Asked about the decline in the president's popularity, his spokesman, David Martinon, anticipating Blair's comments, said on Thursday, "The president is here to carry out reforms, not to be loved. We are in a reform stage. We are not going to be guided by polls."
But Martinon - and Blair - overlooked a crucial point. When Sarkozy confronted trade unions in the first phase of his reform program last year, he was able to pressure them and withstand several public transport strikes because he had the majority of the French public behind him. That is no longer true.
It seems likely that during the next, inevitable confrontation between the government and the unions, which will probably occur in late spring, the unions will feel emboldened to stick to a harder line because of public sentiment against the president.
That will certainly happen if, as now seems probable, the opposition Socialists make sizeable gains and inflict an embarrassing defeat on Sarkozy in next month's local elections.
Polls show that the Socialists will score overwhelming wins in Paris and Lyon, where they currently govern, and have even chances of wresting control of the Marseille and Toulouse city halls from Sarkozy's party.
If that scenario comes to pass, then the country's four largest cities would be in the hands of the union-friendly Socialists, which would certainly complicate Sarkozy's reform plans.
In fact, because he has become an electoral liability, Sarkozy was forced to climb down from his earlier assertions that he would vigorously campaign in the local elections and place them within a national framework.
But Sarkozy's growing disfavour with his electorate threatens not only his domestic program.
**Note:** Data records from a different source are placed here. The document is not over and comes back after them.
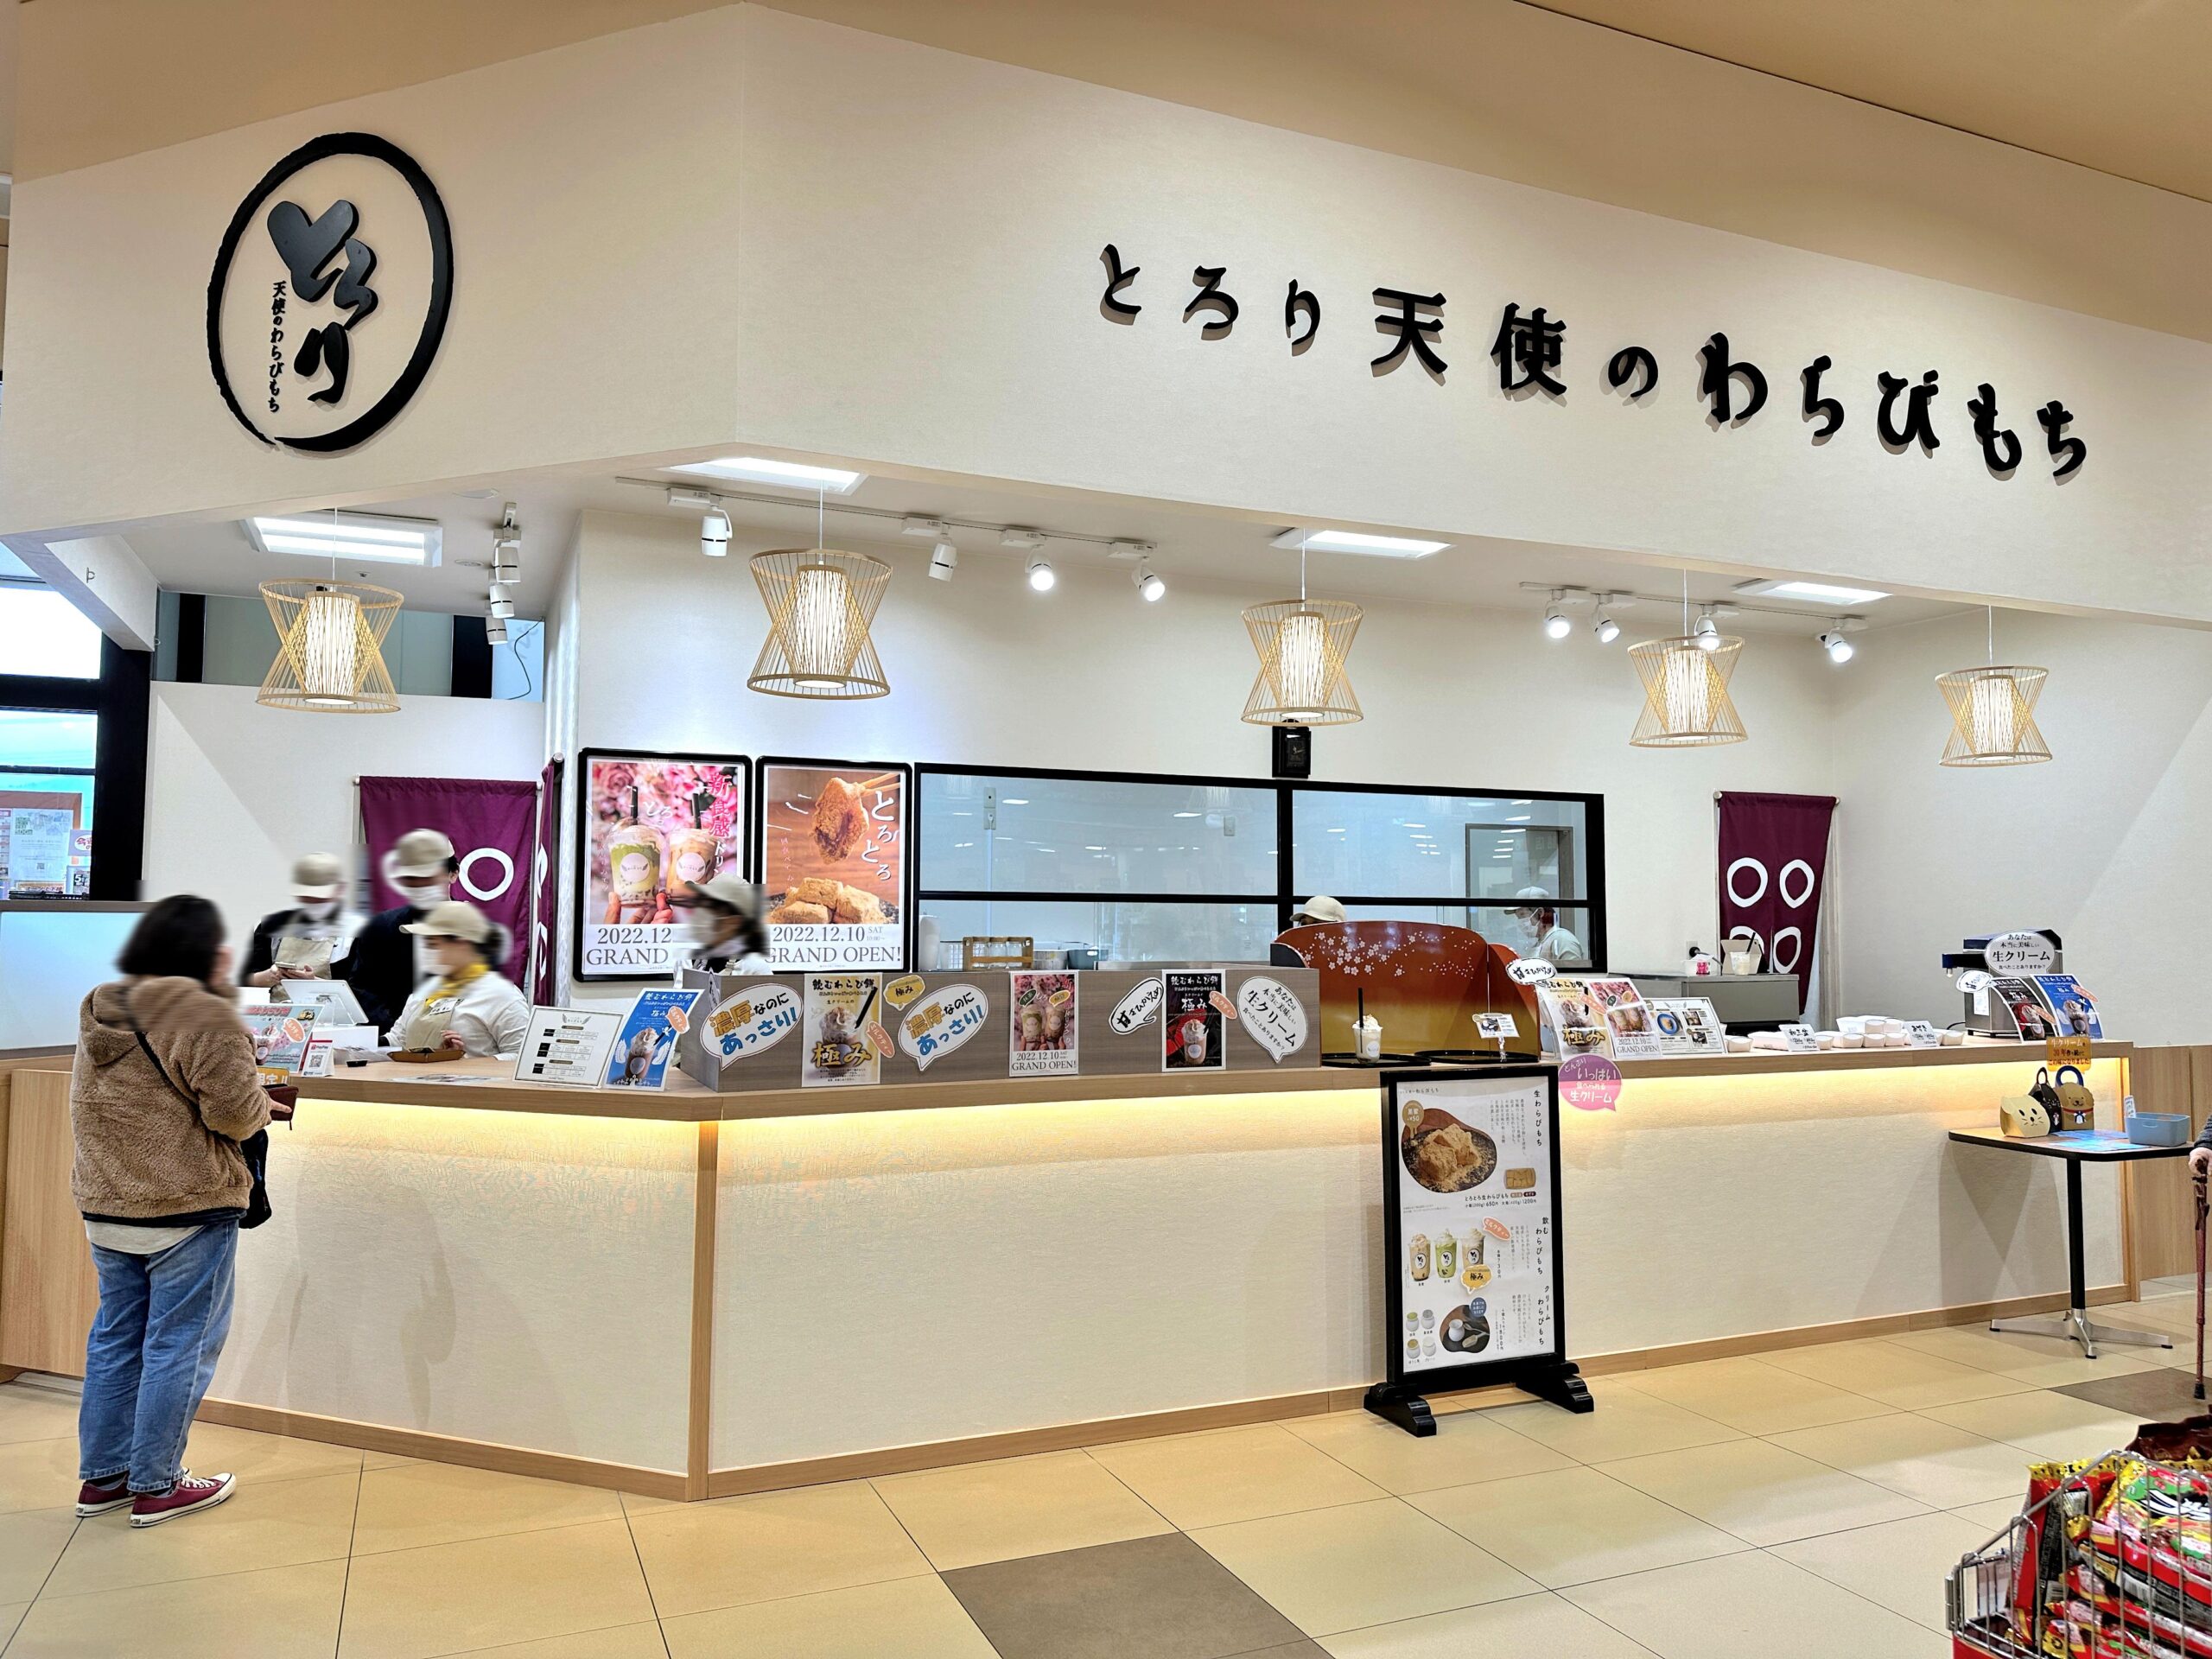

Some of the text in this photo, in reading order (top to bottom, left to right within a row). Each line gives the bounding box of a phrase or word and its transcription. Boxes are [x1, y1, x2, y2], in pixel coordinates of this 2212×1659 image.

[268, 281, 287, 413] 天使のわらびもち
[1103, 244, 2088, 479] とろり天使のわらびもち
[772, 925, 884, 943] 2022.12.10 SAT
[586, 948, 669, 966] GRAND
[843, 945, 902, 962] OPEN!
[1992, 950, 2051, 963] 生クリーム
[812, 978, 875, 991] 飲むわらび餅
[1116, 986, 1162, 1029] 甘さひかえめ
[1181, 997, 1208, 1012] 極み
[1262, 988, 1297, 1026] 本当に美味しい
[1274, 986, 1297, 1011] あなたは
[709, 992, 790, 1038] 濃厚なのに
[906, 991, 976, 1039] 濃厚なのに
[1244, 989, 1297, 1048] 生クリーム
[1563, 1025, 1605, 1046] 極み
[811, 1041, 873, 1069] 極み
[1012, 1059, 1077, 1071] GRAND OPEN!
[1016, 1051, 1060, 1061] 2022.12.10
[1570, 1090, 1612, 1103] 生クリーム
[1534, 1090, 1542, 1147] 生わらびもち
[1541, 1217, 1549, 1235] 飲む
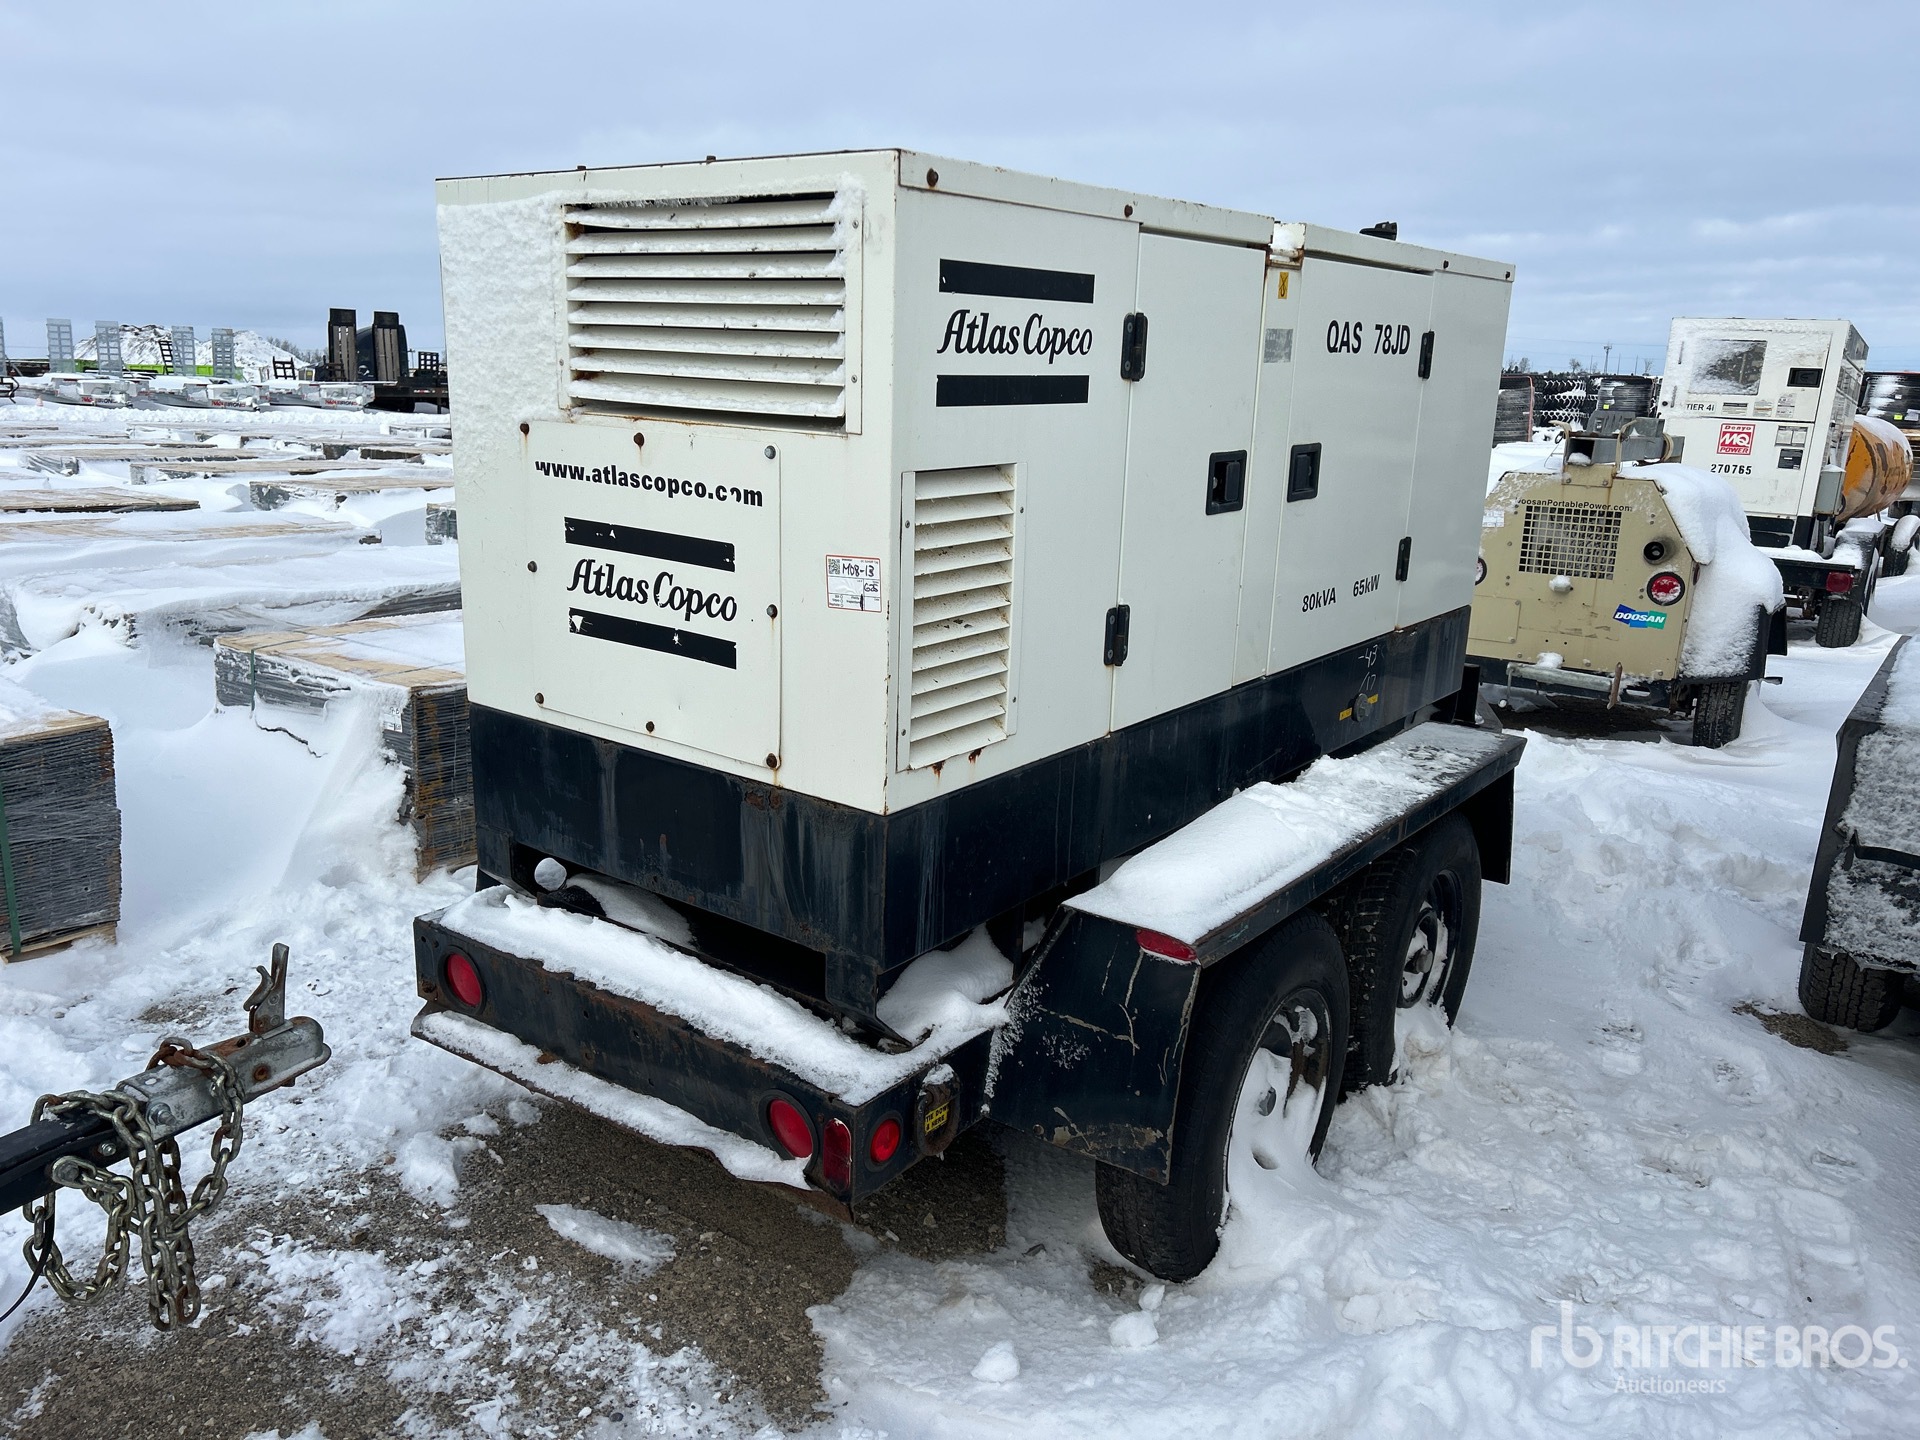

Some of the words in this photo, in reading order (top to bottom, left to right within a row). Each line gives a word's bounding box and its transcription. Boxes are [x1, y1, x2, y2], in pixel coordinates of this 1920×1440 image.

[937, 309, 1020, 355] Atlas
[1023, 313, 1093, 364] Copco
[1326, 320, 1363, 354] QAS
[1374, 324, 1411, 355] 78JD
[1686, 403, 1704, 411] TIER
[1720, 432, 1750, 447] MQ
[1710, 463, 1752, 475] 270765
[1517, 498, 1633, 512] oosanPortablePower.com
[842, 562, 875, 578] M08-13
[566, 557, 649, 604] Atlas
[652, 571, 737, 621] Copco
[1301, 587, 1337, 613] 80kVA
[1353, 573, 1381, 597] 65kW
[1614, 611, 1666, 624] DOOSAN
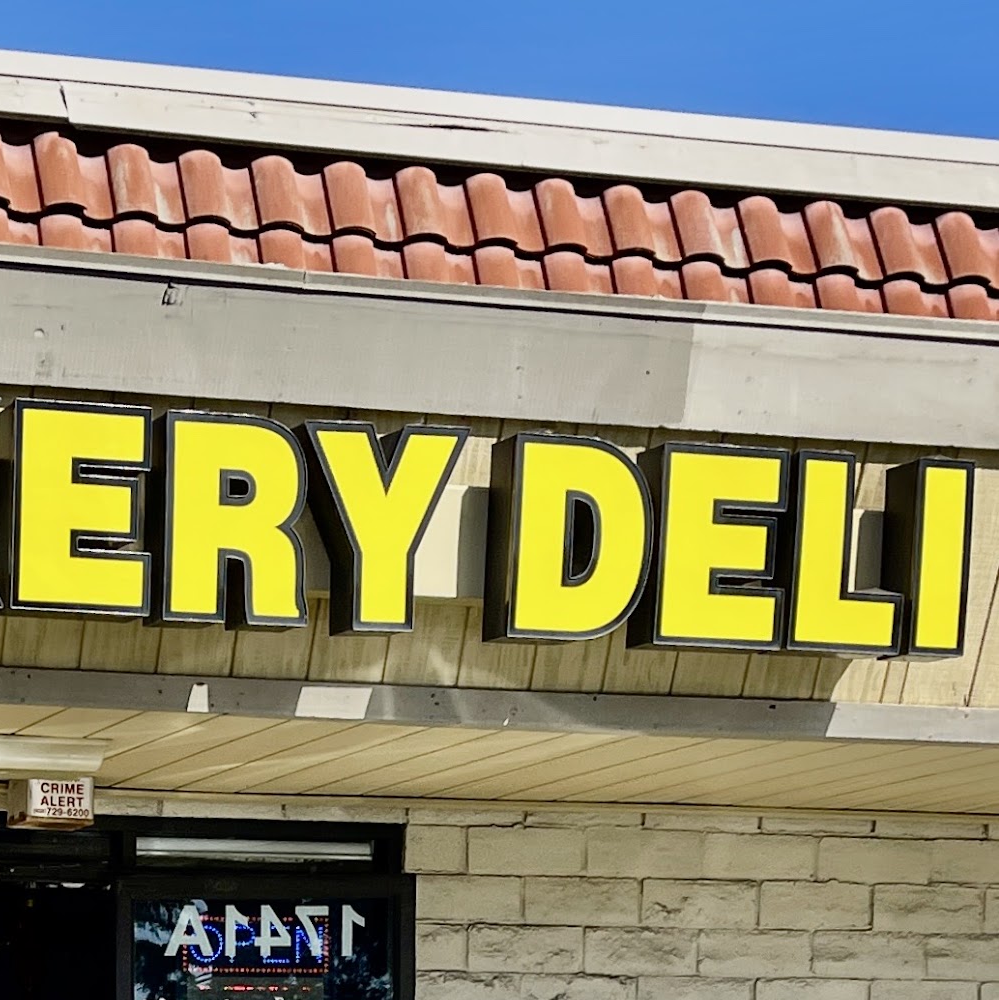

In July, France takes over the rotating six-month presidency of the European Union, and Sarkozy has big plans here too.
"When our presidency is over, I want Europe to have an immigration policy, an energy policy, an environment policy and a defence policy," Sarkozy said on January 8.
Unfortunately, the French president has also managed to alienate a large number of his EU colleagues, primarily because of his tendency to make unilateral decisions without weighing their consequences.
He has angered EU members on a number of issues, such as his plans for a Mediterranean Union or his declaration that he would do away with fishing quotas, and annoyed many because of his refusal to consult on these and other serious issues.
Many Union diplomats were also annoyed that he laid out his plans for the EU presidency on January 8, the same day that the prime minister of the current EU president, Slovenia, presented his country's intentions.
It is probably no exaggeration to say that many EU politicians would not be grieving if Sarkozy took a beating in the elections and came to the EU presidency in a weakened position.
According to the weekly Le Point, Sarkozy himself takes the long view.
"My obsession is that in four and a half years, people will tell me that I succeeded in carrying out structural changes that put France in the 21st century," he told journalists during his recent trip to Qatar. "Change is my only concern, not the local elections."
But he must begin asking himself if he will be able to carry out his cherished changes all on his own, and with his back against the wall.